**Work to be completed**:
Your copy should repeat each record exactly and contain none of the pictures.

=== Provided material ===

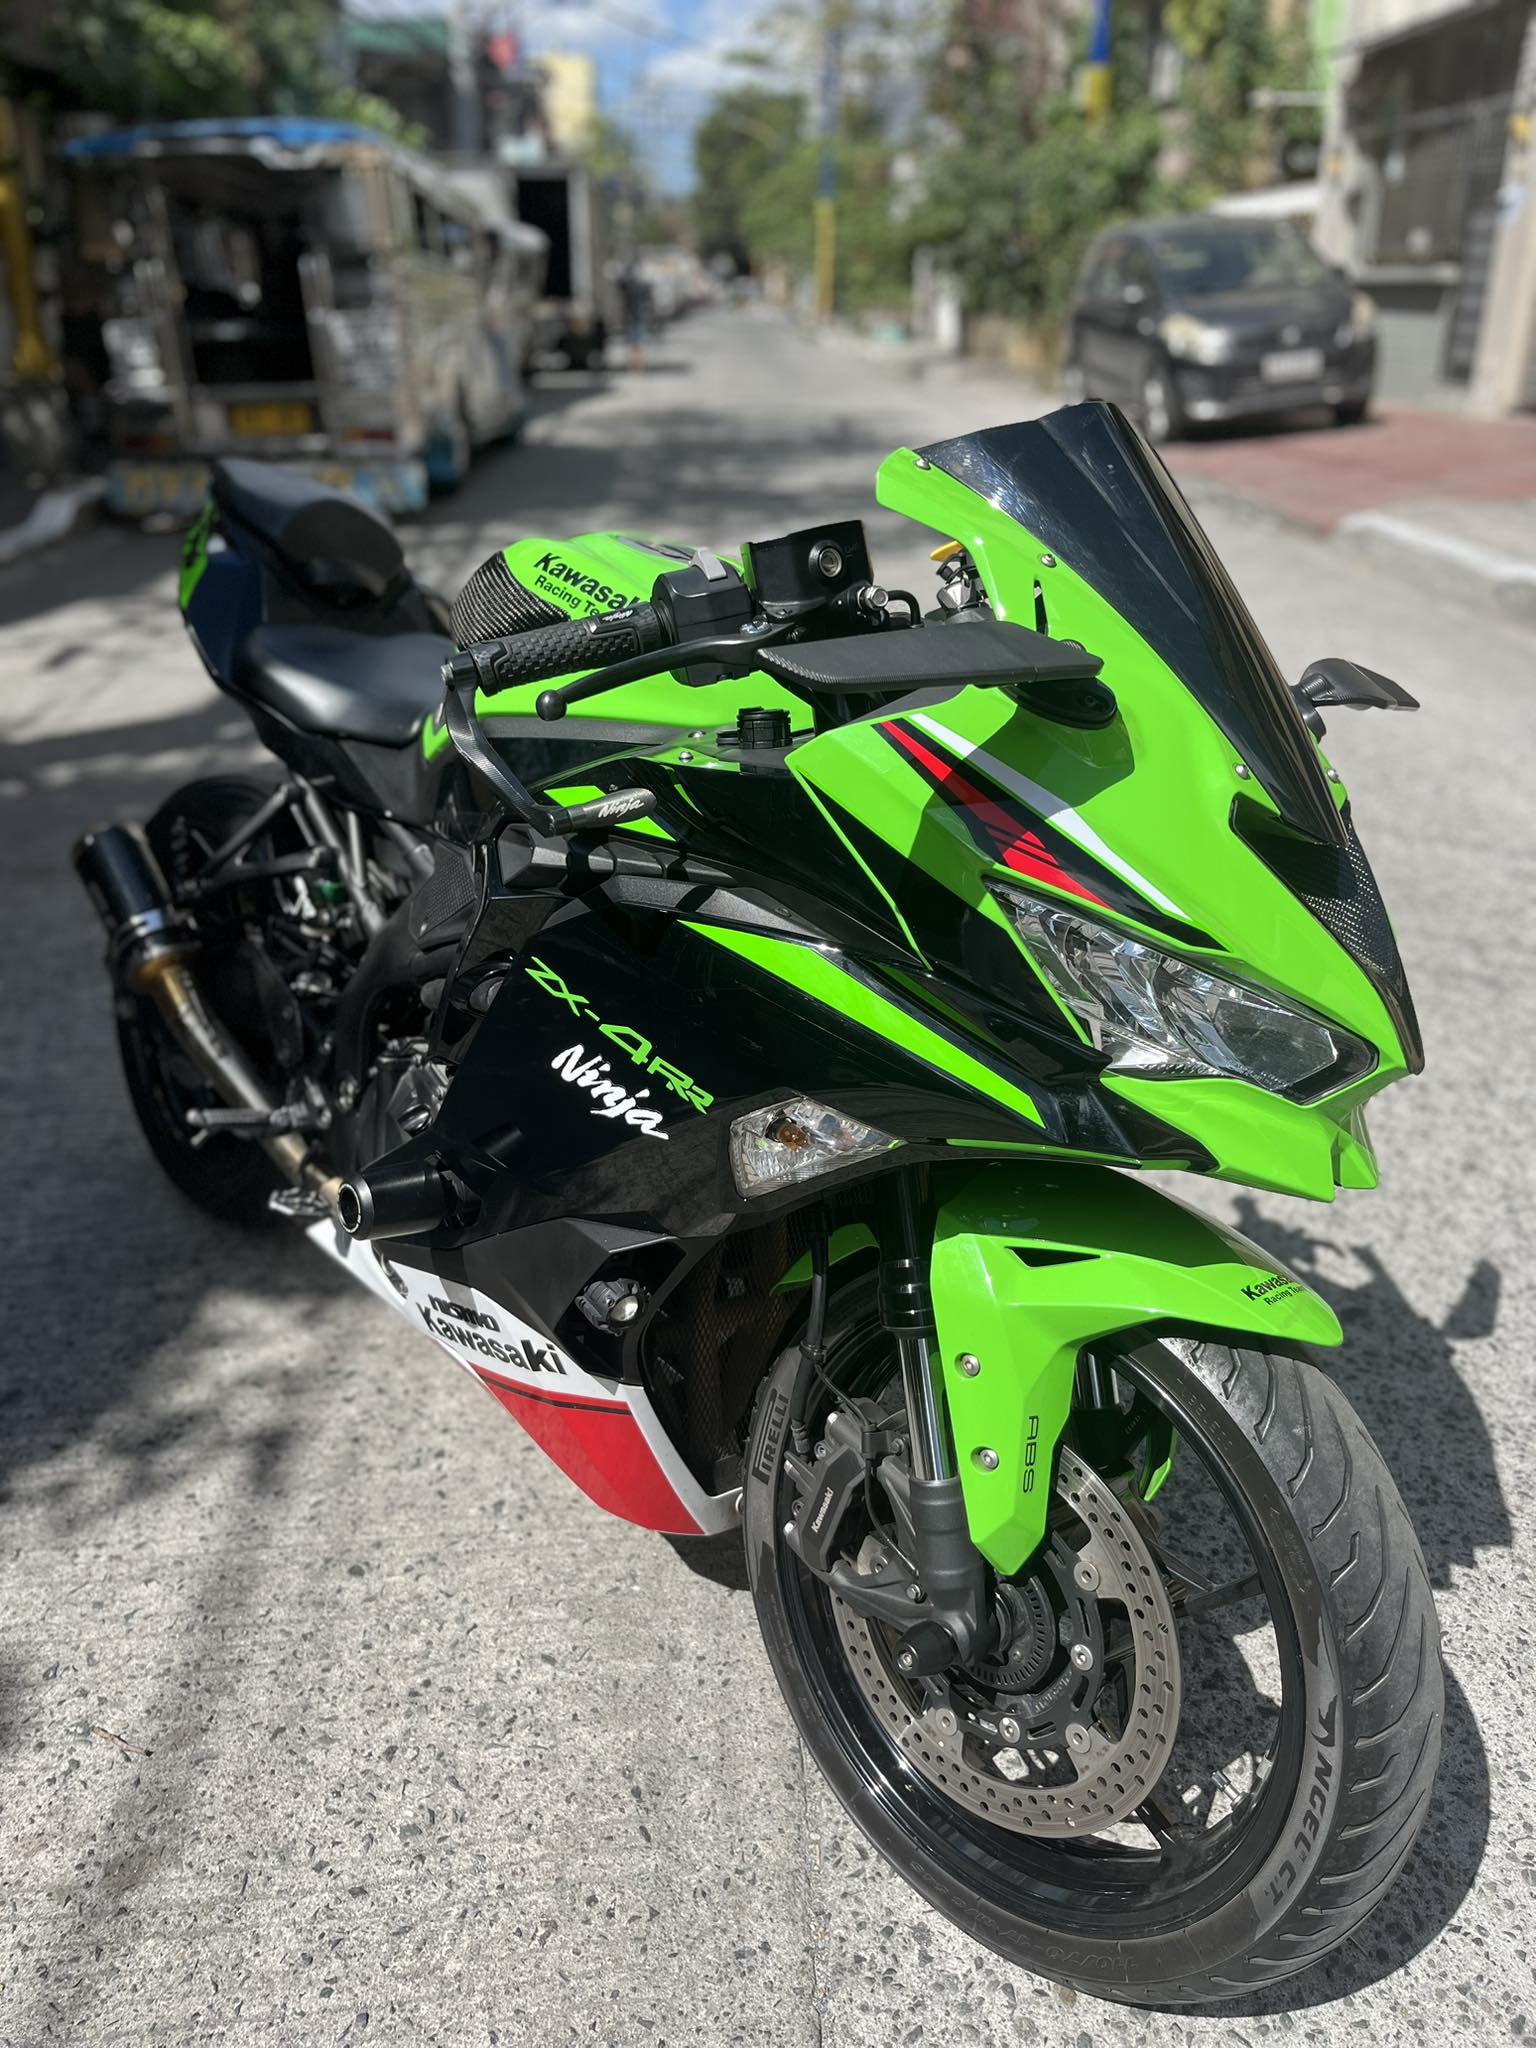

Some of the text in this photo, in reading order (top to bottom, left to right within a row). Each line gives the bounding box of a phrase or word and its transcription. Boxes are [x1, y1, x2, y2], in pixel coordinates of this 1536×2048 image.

[533, 552, 641, 610] Kawasa
[534, 574, 600, 617] Racing Te
[597, 797, 645, 818] Ninja
[550, 1043, 670, 1141] Ninja
[415, 1301, 567, 1376] Kawasaki
[751, 1387, 790, 1486] PIRELLI
[1022, 1415, 1040, 1494] ABS
[810, 1486, 835, 1533] Kawasaki
[1268, 1859, 1297, 1906] CT
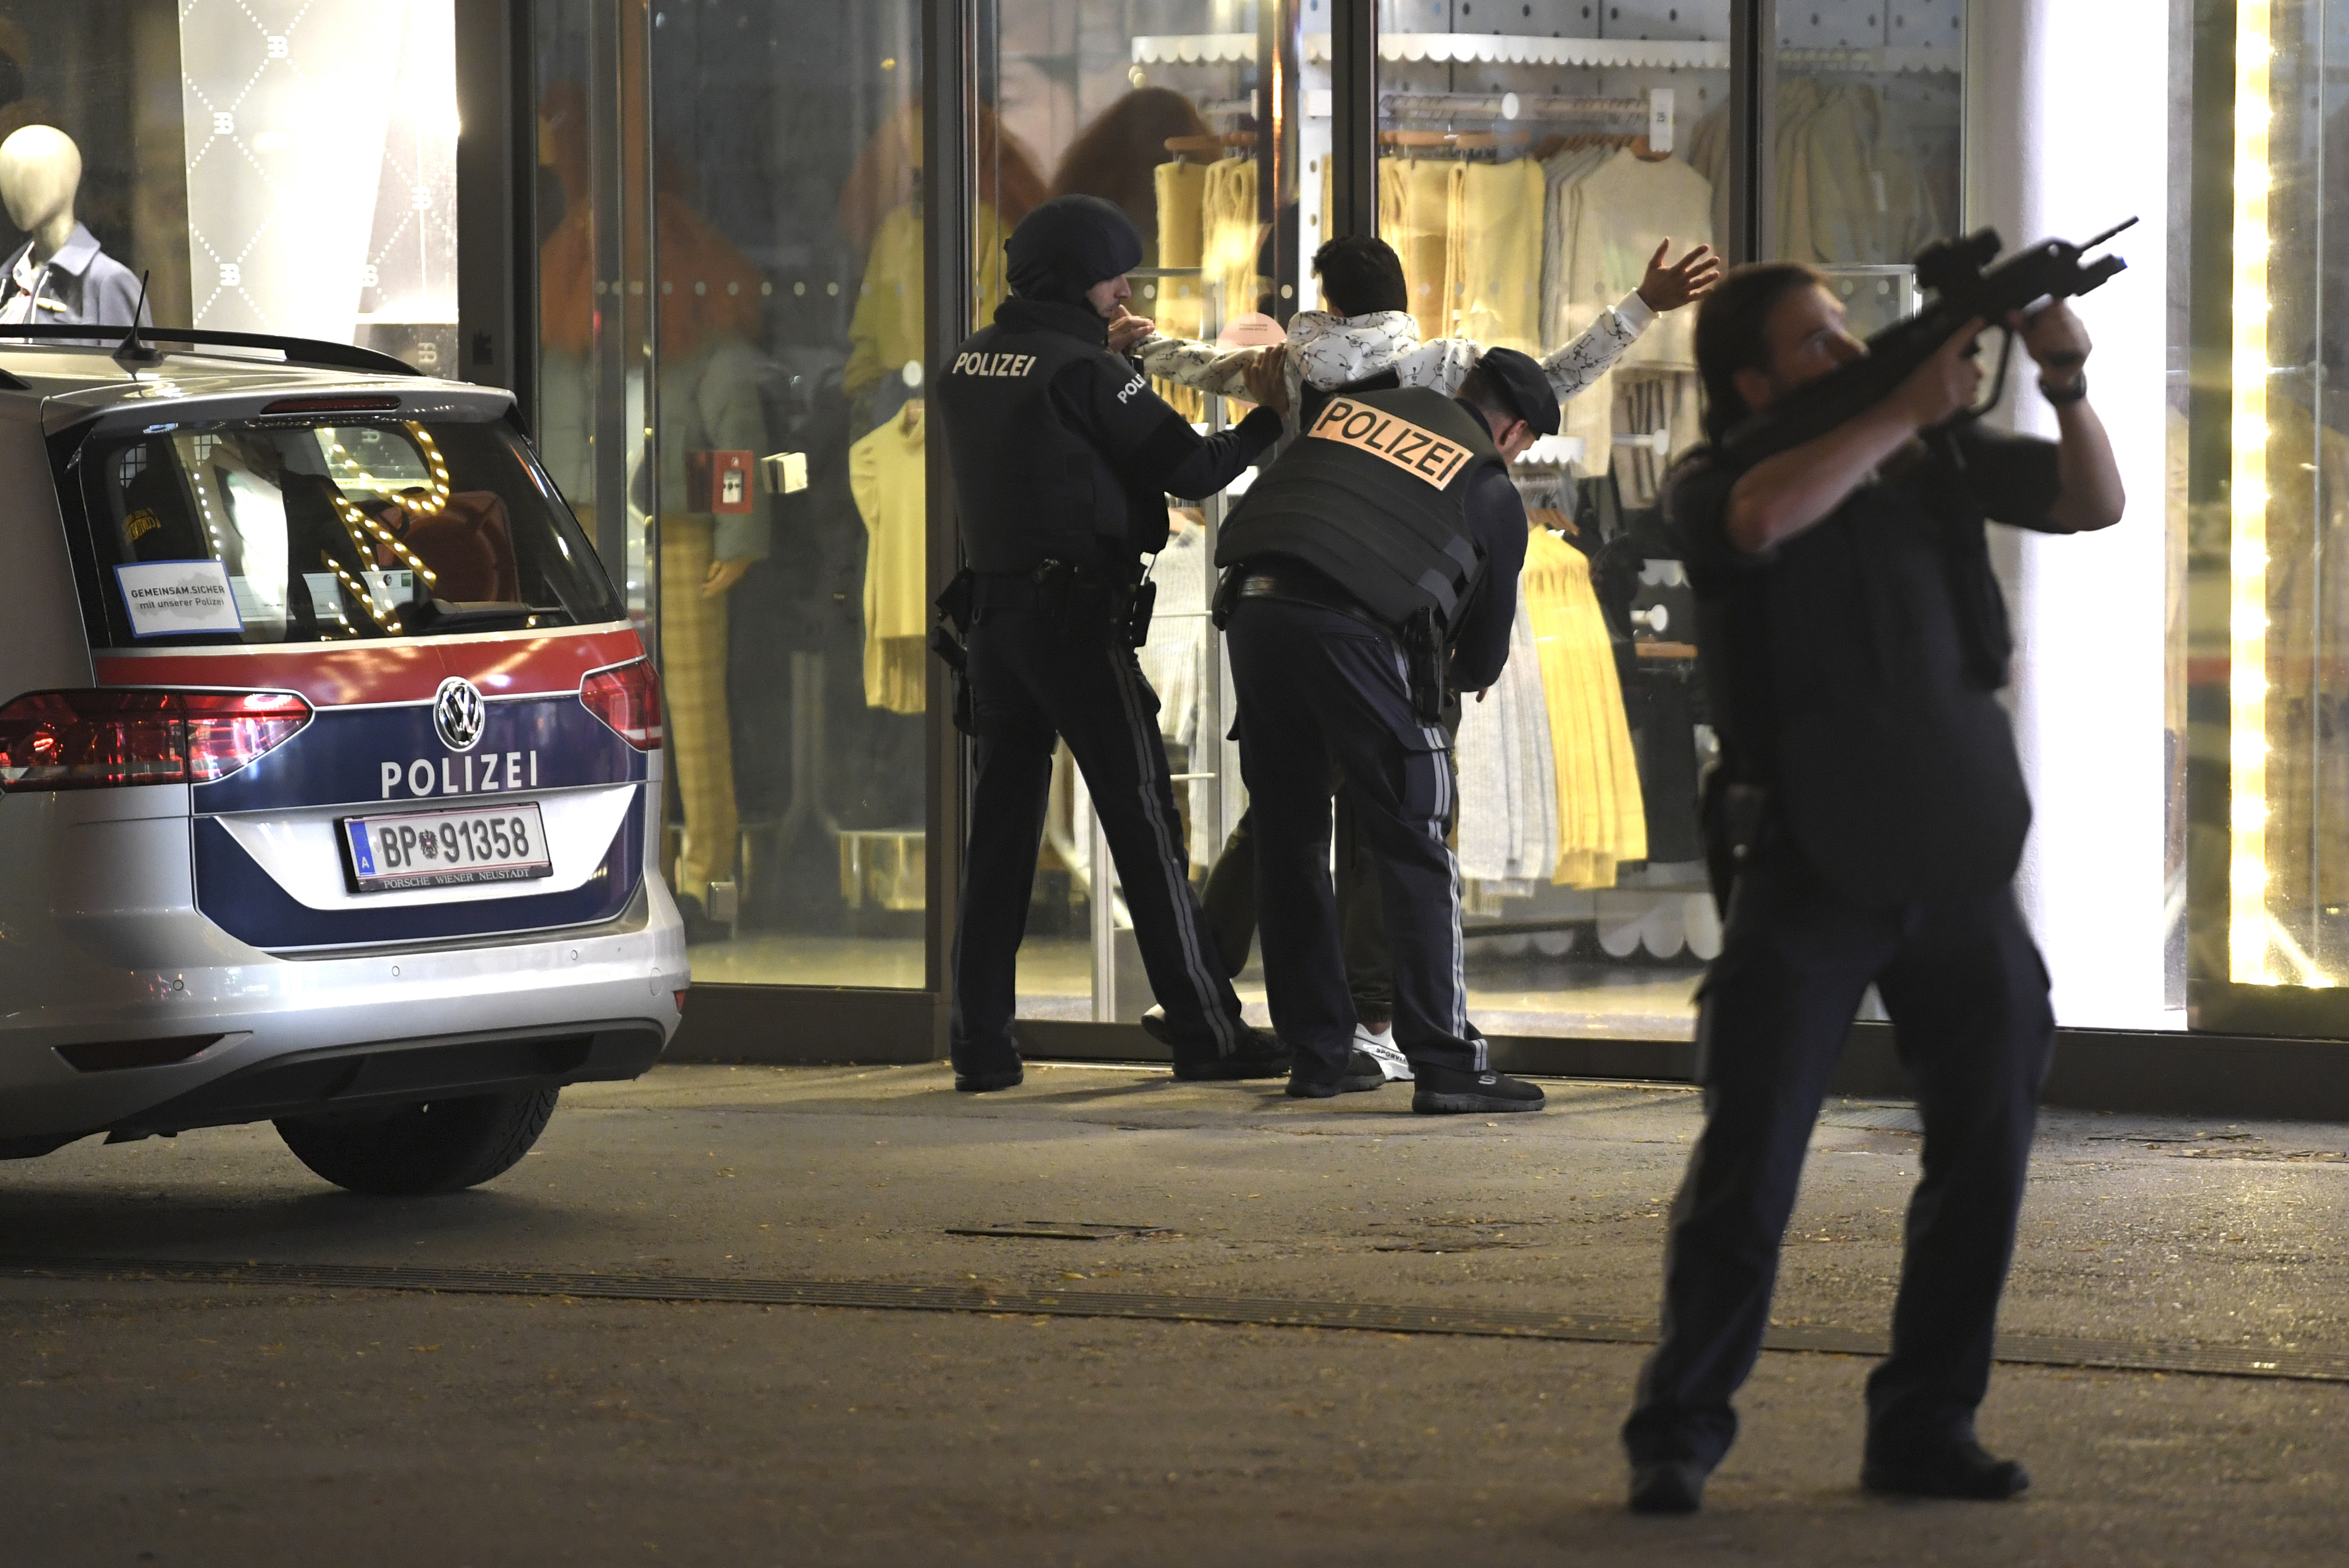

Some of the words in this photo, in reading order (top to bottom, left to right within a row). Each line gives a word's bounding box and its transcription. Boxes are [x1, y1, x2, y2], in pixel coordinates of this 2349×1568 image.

===

**Solution for this task**:
Some of the text in this photo, in reading order (top to bottom, left to right within a row). Each line gives the bounding box of a phrase or word and its transcription. Boxes are [x1, y1, x2, y2], in pixel coordinates of this 1536×2048 image.

[533, 552, 641, 610] Kawasa
[534, 574, 600, 617] Racing Te
[597, 797, 645, 818] Ninja
[550, 1043, 670, 1141] Ninja
[415, 1301, 567, 1376] Kawasaki
[751, 1387, 790, 1486] PIRELLI
[1022, 1415, 1040, 1494] ABS
[810, 1486, 835, 1533] Kawasaki
[1268, 1859, 1297, 1906] CT

Some of the words in this photo, in reading order (top to bottom, left to right within a row). Each line gives a word's bounding box and its transcription. Boxes are [x1, y1, x2, y2], in pixel coordinates of this 2349×1568 image.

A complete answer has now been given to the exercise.